▶ **Work required**
Your task is to copy the listing exactly. Drop any pictures from the copy.

──────── Records for the task ────────

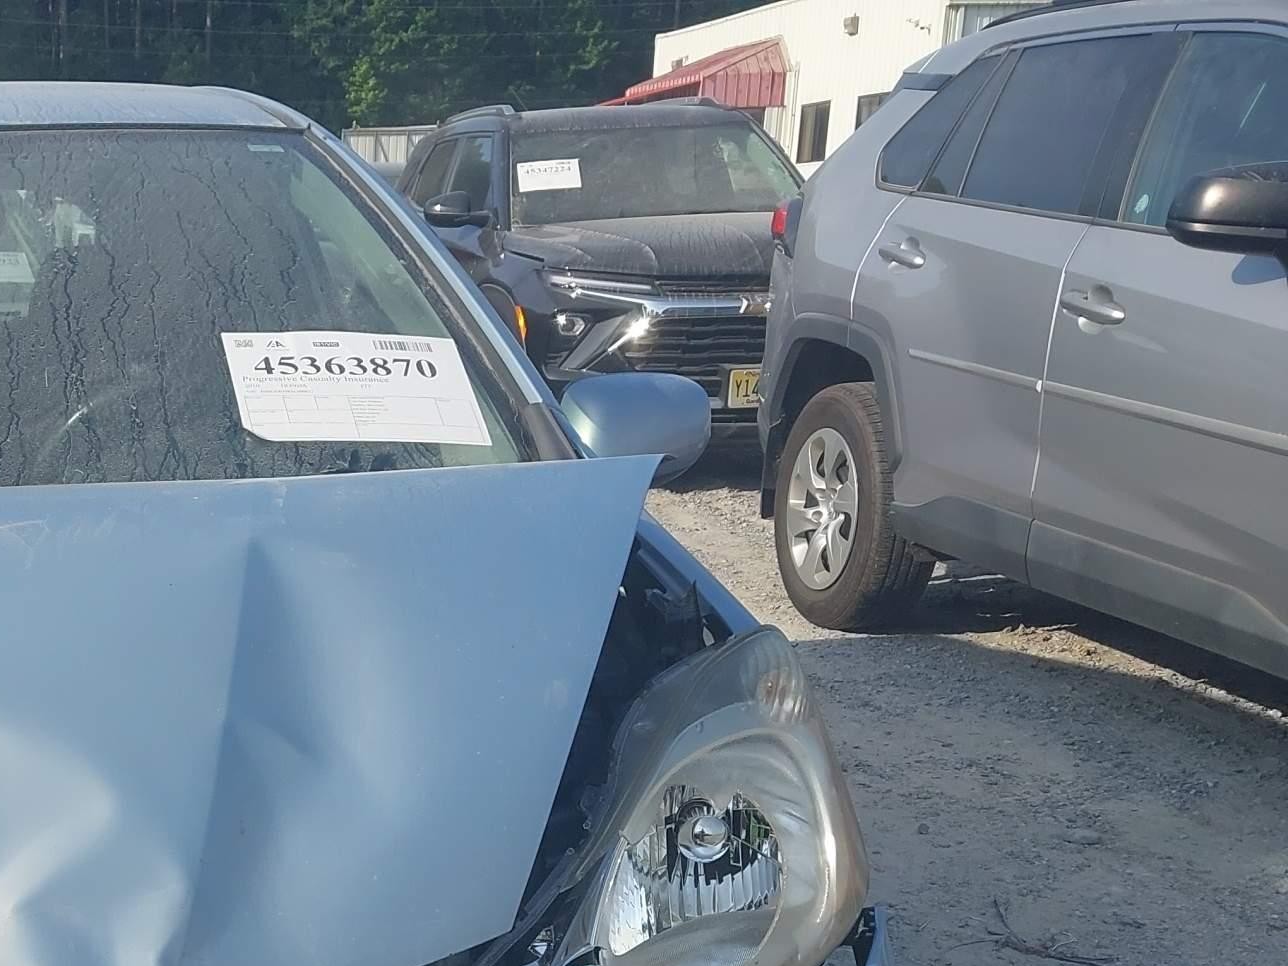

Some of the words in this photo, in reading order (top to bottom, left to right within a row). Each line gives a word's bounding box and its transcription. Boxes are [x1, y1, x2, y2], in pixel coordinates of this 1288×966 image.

[254, 356, 438, 379] 45363870
[242, 375, 298, 383] Progressive
[299, 375, 341, 383] Casualty
[344, 375, 391, 383] Insurance

────────

▶ **Solution to the problem**
Some of the words in this photo, in reading order (top to bottom, left to right within a row). Each line gives a word's bounding box and its transcription. Boxes are [x1, y1, x2, y2], in pixel coordinates of this 1288×966 image.

[254, 356, 438, 379] 45363870
[242, 375, 298, 383] Progressive
[299, 375, 341, 383] Casualty
[344, 375, 391, 383] Insurance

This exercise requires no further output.